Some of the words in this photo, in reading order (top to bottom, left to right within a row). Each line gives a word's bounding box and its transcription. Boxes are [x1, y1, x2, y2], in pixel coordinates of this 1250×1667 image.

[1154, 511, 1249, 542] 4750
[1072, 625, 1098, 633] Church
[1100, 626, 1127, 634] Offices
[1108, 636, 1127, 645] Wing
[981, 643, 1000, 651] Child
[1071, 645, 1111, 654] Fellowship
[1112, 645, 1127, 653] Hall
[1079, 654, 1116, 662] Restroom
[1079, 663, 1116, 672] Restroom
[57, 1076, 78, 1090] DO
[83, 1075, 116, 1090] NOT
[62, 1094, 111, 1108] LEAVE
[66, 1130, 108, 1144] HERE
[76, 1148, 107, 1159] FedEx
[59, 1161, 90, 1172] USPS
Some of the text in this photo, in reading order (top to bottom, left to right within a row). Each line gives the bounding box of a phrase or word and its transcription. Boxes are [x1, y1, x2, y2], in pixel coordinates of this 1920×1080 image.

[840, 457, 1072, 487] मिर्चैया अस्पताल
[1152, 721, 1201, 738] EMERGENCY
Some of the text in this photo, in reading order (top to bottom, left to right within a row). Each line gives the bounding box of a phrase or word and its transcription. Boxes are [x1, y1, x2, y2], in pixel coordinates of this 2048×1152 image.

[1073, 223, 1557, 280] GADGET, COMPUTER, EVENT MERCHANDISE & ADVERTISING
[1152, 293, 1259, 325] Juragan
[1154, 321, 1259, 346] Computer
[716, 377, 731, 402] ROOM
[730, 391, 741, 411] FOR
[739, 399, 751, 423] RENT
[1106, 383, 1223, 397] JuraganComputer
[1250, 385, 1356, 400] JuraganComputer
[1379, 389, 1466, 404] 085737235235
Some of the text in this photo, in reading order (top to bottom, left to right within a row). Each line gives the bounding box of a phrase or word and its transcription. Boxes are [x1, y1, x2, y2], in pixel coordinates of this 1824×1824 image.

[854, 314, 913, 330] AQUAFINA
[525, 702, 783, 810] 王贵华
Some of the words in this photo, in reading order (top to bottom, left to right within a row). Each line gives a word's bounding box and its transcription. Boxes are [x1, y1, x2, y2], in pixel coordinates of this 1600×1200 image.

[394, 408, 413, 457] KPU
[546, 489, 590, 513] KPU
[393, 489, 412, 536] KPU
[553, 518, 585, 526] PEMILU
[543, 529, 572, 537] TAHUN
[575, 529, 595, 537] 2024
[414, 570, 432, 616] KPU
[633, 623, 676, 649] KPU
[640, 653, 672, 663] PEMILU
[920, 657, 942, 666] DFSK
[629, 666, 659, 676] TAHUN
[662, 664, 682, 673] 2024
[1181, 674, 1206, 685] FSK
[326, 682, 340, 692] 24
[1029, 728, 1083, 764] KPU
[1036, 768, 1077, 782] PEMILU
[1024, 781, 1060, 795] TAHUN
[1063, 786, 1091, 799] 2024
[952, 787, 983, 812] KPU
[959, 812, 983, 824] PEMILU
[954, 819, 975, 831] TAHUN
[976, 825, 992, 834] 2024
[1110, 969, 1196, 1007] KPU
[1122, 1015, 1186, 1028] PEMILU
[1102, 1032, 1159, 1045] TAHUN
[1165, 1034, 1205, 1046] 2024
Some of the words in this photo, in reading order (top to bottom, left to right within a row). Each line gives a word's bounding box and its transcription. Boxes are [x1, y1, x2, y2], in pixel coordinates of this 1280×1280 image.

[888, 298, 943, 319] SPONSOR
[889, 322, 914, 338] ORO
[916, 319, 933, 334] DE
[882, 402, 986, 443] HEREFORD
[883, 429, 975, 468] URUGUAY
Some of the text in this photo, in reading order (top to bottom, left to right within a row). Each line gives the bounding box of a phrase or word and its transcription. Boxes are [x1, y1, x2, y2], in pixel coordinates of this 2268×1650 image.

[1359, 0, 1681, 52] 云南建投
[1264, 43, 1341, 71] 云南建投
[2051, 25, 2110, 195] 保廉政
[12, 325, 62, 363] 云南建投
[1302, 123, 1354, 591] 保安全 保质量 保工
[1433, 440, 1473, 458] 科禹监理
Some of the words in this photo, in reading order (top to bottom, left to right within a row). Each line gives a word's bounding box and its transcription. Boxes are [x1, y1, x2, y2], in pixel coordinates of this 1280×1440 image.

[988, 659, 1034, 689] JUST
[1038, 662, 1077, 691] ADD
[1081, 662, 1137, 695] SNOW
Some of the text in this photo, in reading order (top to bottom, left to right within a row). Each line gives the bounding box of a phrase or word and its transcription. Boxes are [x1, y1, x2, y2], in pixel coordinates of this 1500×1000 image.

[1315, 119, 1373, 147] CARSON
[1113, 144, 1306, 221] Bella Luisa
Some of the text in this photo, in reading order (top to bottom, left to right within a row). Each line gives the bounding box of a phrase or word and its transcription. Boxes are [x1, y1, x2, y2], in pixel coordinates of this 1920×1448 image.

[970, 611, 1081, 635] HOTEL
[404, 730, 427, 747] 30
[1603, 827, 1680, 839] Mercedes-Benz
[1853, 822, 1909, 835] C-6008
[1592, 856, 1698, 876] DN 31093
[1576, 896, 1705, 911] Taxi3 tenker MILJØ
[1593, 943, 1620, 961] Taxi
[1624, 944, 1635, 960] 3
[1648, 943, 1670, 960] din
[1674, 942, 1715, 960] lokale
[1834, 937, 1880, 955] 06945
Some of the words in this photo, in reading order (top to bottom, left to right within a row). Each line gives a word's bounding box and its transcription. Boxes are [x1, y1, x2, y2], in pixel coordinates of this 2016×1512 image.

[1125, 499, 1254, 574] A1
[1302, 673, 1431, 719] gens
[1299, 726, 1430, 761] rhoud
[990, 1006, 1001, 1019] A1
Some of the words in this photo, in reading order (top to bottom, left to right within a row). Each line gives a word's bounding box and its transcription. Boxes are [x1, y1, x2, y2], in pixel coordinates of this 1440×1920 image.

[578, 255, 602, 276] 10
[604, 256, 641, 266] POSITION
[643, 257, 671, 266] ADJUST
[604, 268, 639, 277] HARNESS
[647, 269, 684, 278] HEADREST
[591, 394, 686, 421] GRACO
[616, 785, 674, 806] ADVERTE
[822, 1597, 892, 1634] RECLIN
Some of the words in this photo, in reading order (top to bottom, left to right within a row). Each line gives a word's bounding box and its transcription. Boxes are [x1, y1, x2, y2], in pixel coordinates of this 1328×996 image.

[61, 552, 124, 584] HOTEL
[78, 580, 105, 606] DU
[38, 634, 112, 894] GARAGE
————
**EXERCISE:** Your answer must be the line containing "this 1440×1920 image." and every line after it through the end of the records above, reproduced exactly and alone.

**TASK RESULT:**
Some of the words in this photo, in reading order (top to bottom, left to right within a row). Each line gives a word's bounding box and its transcription. Boxes are [x1, y1, x2, y2], in pixel coordinates of this 1440×1920 image.

[578, 255, 602, 276] 10
[604, 256, 641, 266] POSITION
[643, 257, 671, 266] ADJUST
[604, 268, 639, 277] HARNESS
[647, 269, 684, 278] HEADREST
[591, 394, 686, 421] GRACO
[616, 785, 674, 806] ADVERTE
[822, 1597, 892, 1634] RECLIN
Some of the words in this photo, in reading order (top to bottom, left to right within a row). Each line gives a word's bounding box and its transcription. Boxes are [x1, y1, x2, y2], in pixel coordinates of this 1328×996 image.

[61, 552, 124, 584] HOTEL
[78, 580, 105, 606] DU
[38, 634, 112, 894] GARAGE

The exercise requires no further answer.